I would first like to briefly describe the restructuring expenses and strategic alternative cost lines in our income statement. Restructuring expenses in the second quarter of 2008 consisted of a charge for the lease and other costs associated with the consolidation of our New Jersey technical center activities into our Charles City, Iowa facility and the resulting shut down of the New Jersey facility and some remaining charges related to the Corporate restructuring that was substantially completed in 2007.
We are attempting to sublease the New Jersey facility for which we have two and a half years remaining on the lease, at an expense of approximately $1.4 million per year. Depending on the success of our subleasing efforts, additional lease expense may be recognized as restructuring expense and future periods.
Strategic alternative costs in the second quarter this year consisted primarily of external advisory expenses related to a project to restructure our European legal entities pursuant to the sale of the Bio businesses a little over a year ago. We are working towards completion of our legal entity restructuring later this year.
While the structure we are working towards will be more cost efficient, the Swedish tax authorities recently proposed a measure that would eliminate most of the future tax savings previously anticipated by the restructure. This measure has not been approved by the Swedish government, and as such, we will continue to monitor the situation.
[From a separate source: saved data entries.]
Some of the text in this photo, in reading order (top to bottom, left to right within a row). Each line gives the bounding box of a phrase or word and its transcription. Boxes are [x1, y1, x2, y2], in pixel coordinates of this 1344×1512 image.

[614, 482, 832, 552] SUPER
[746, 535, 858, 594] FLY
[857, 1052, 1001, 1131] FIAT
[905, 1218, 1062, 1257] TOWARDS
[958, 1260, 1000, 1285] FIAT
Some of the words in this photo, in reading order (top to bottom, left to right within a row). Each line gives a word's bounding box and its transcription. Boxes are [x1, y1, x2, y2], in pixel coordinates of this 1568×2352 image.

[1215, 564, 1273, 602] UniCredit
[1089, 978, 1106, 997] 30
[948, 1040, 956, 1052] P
The Company ended the quarter with debt net of cash of $91.5 million, an increase of $11.8 million from the last quarter. The increase in the last quarter was largely driven by payments related to change and control and severance payments and a small increase of inventory. If we don't make any acquisitions during the second half of 2008, we continue to expect that net of cash to be between $95 million and $100 million at the end of the year.
Cambrex had net interest expense of $600,000 for the quarter, versus income of $900,000 in the same quarter last year. The Company earned significant interest income during the second quarter last year on the proceeds from the sale of the Bio businesses. The Company capitalized $700,000 of interest into long-term capital projects during the second quarter of 2008 and $1.3 million year-to-date.
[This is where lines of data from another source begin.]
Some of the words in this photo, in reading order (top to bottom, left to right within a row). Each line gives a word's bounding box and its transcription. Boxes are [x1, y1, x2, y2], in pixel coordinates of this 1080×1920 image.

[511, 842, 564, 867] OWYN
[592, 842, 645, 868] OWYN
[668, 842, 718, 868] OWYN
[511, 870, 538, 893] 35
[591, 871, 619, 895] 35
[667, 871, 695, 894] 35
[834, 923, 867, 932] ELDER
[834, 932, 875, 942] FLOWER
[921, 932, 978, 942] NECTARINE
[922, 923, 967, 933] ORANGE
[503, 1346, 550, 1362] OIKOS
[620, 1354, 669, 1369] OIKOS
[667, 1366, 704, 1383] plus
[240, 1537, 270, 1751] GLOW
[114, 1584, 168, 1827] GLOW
Income tax expense for the second quarter of 2008 was $3 million resulting in an effective rate of 62% for the quarter. The year-to-date rate is just over 48%. As we do not recognize tax benefits for losses in certain jurisdictions, including the U.S., our effective tax rate has been, and will continue to be volatile, due to shifts in the geographic mix of income from one period to the next.
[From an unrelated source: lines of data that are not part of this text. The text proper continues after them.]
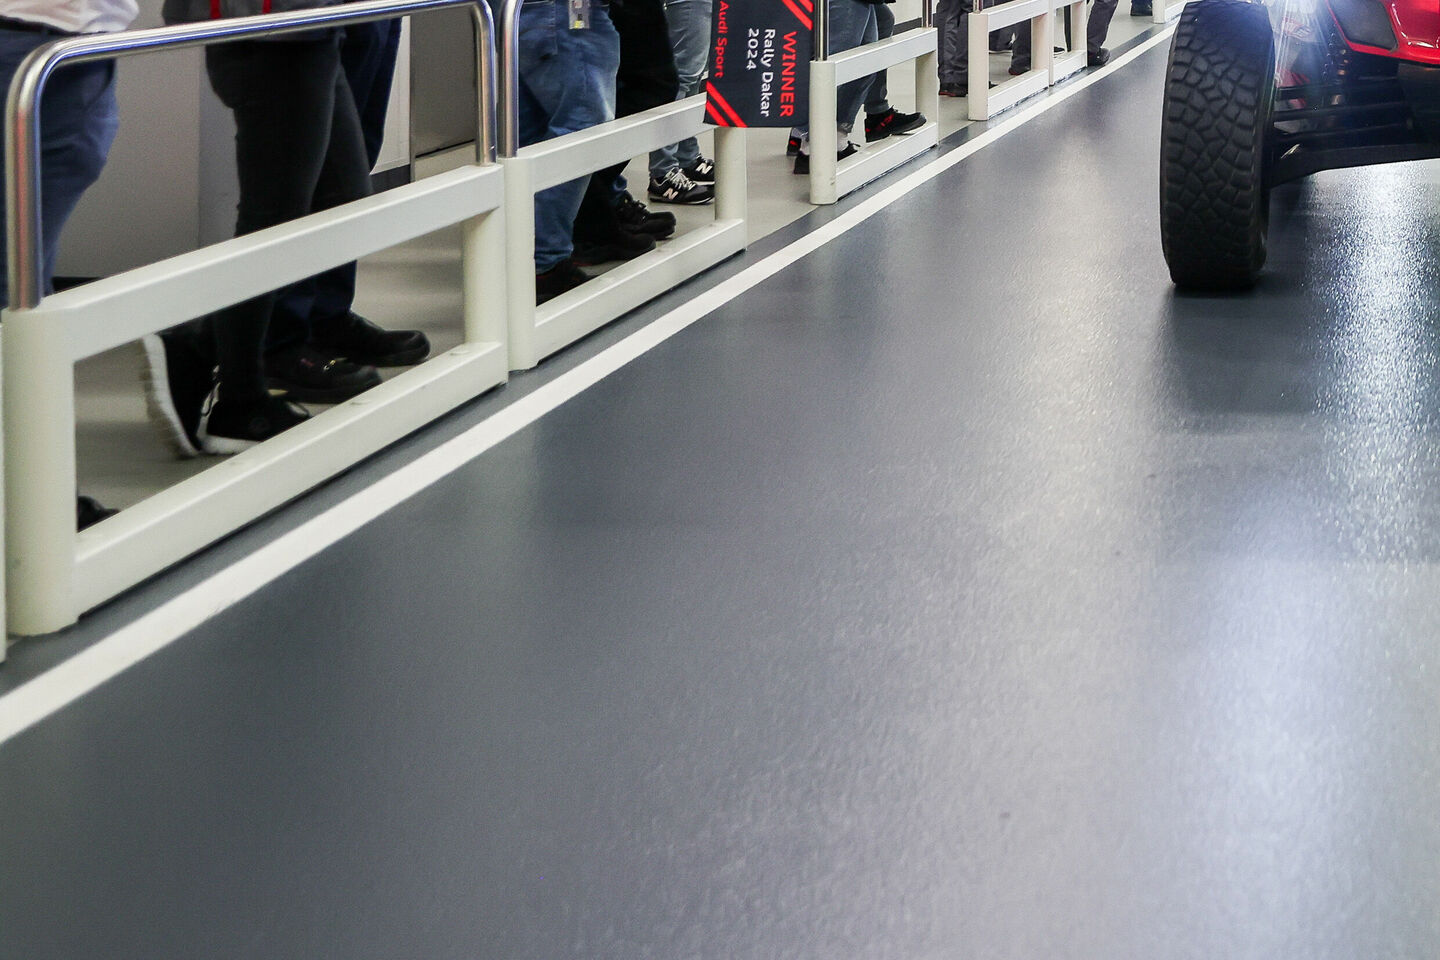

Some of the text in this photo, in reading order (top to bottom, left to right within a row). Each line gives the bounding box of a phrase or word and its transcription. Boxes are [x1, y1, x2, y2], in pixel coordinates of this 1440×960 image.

[714, 0, 729, 78] Audi Sport
[746, 27, 759, 71] 2024
[760, 28, 776, 117] Rally Dakar
[779, 31, 798, 117] WINNER
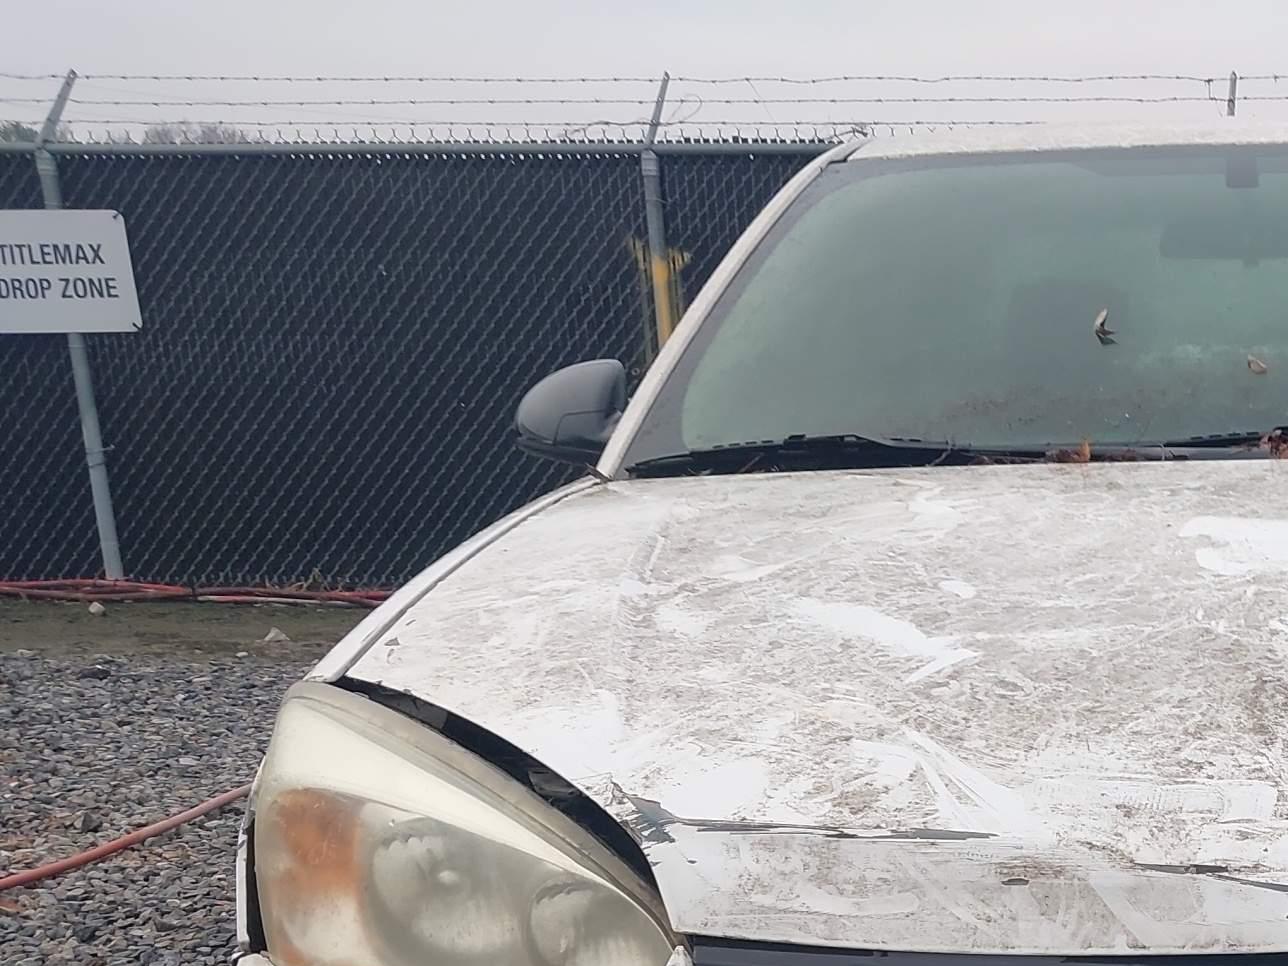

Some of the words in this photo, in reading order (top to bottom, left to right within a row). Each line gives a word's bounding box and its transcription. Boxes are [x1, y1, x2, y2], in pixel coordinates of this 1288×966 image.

[0, 243, 106, 265] TITLEMAX
[0, 277, 52, 299] DROP
[58, 277, 120, 299] ZONE
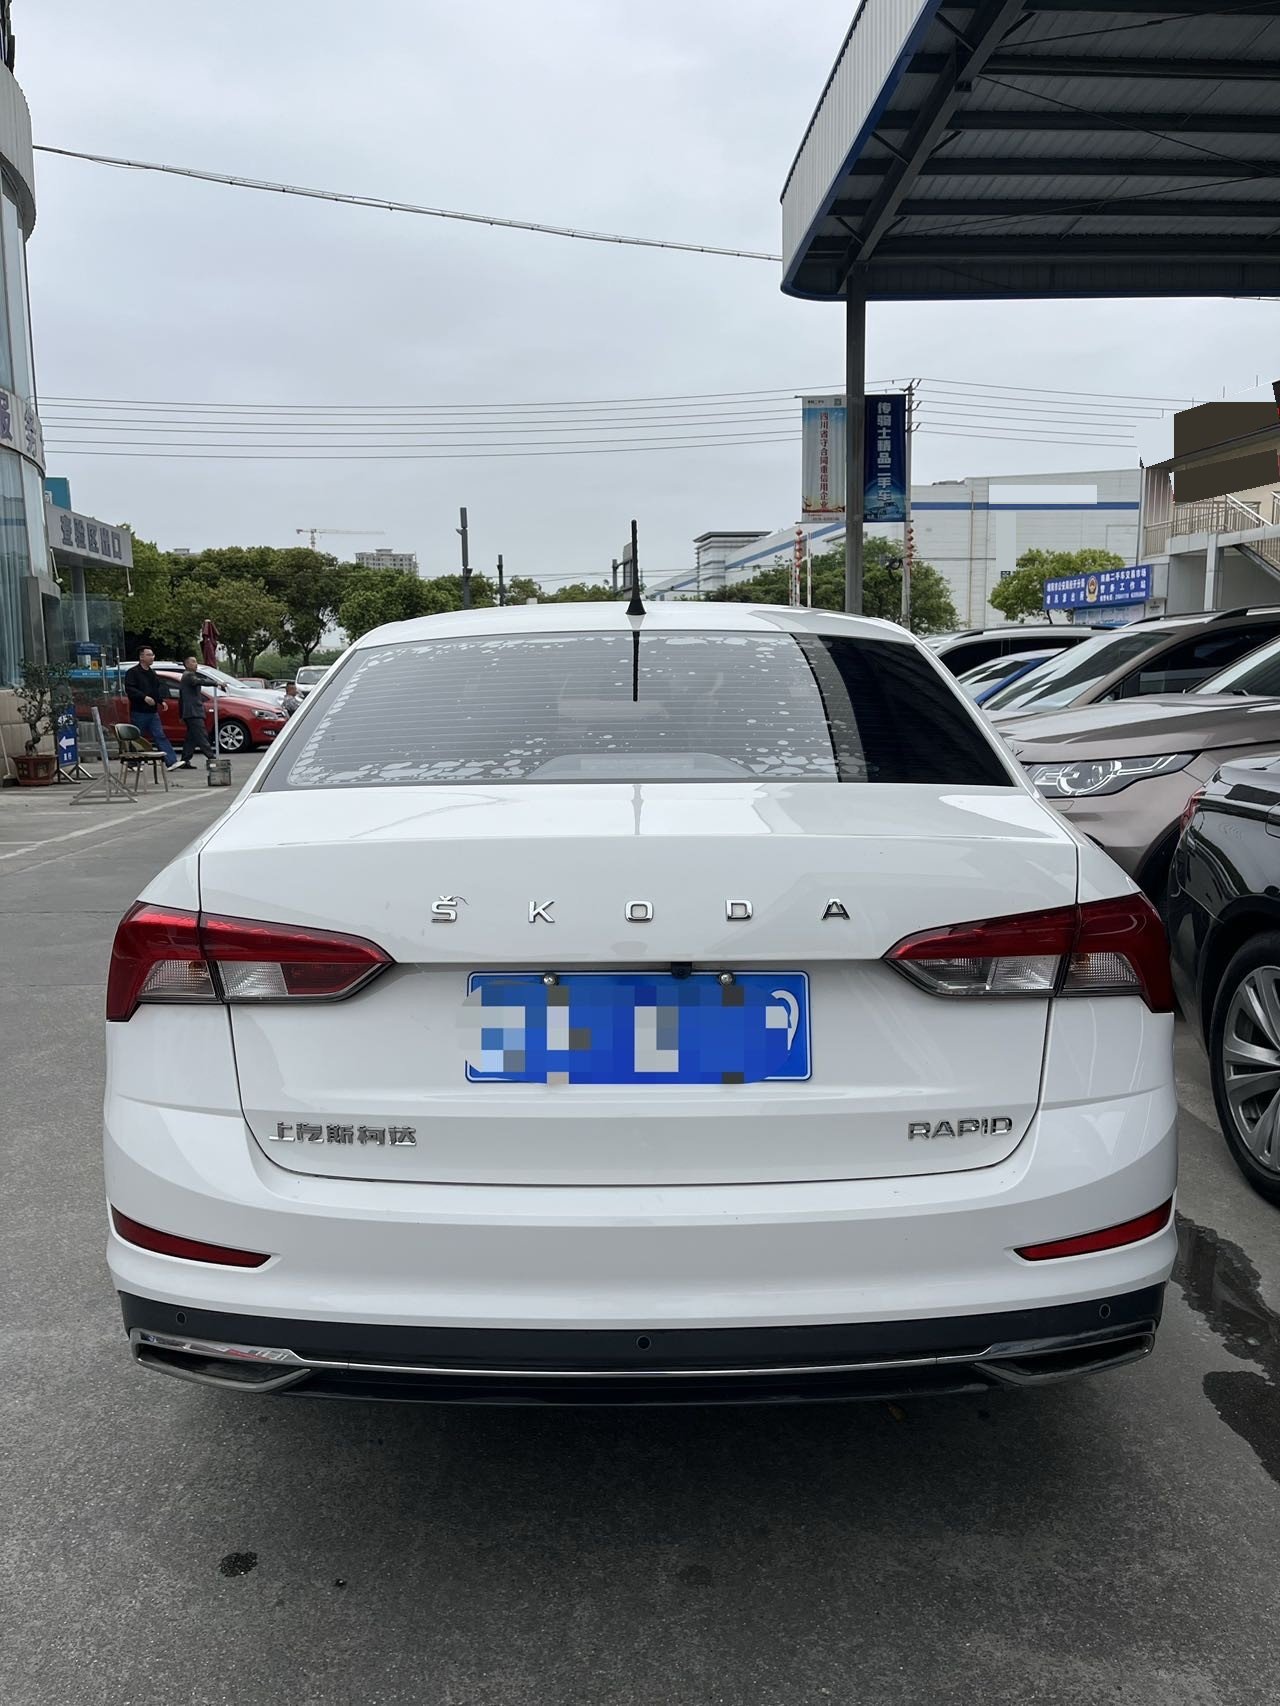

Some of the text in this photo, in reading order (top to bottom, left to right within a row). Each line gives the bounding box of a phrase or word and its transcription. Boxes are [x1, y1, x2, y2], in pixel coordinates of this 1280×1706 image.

[60, 514, 122, 560] 查验区出口
[268, 1122, 417, 1146] 上汽斯柯达
[908, 1117, 1013, 1140] RAPID
Now I would like to discuss guidance for 2008. As stated in today's release – yesterday's release, we continue to expect sales growth of between 5% and 10%, and adjusted EBITDA of $53 million to $57 million. Due to the expected reduction in full-year shipments of the API to our customer whose product was recalled and slightly lower than expected revenues from generic APIs, we expect currency adjusted revenues to be approximately flat for the year.
Due to the impact of adjusted EBITDA of the lower currency adjusted revenues, partially offset by lower corporate spending, the Company also believes it will finish the year at the low end of its earnings guidance.
I would like to advise readers to refer to the guidance and other matter sections in yesterday's release for commentary on the potential impact of a key customer's product recall and related regulatory processes on our full-year sales and earnings guidance.
Restructuring strategic alternative expenses are expected to be approximately $2.5 million for the full year primarily related to the closure of our New Jersey R&D facility that we announced on the fourth quarter of 2007 and costs to complete the project to improve our legal entity structure.
The $1 million increase from prior guidance is related to the current assumption that we will be unable to sublease the closed facility before the end of 2008 and slightly higher than expected spending on the restructuring project.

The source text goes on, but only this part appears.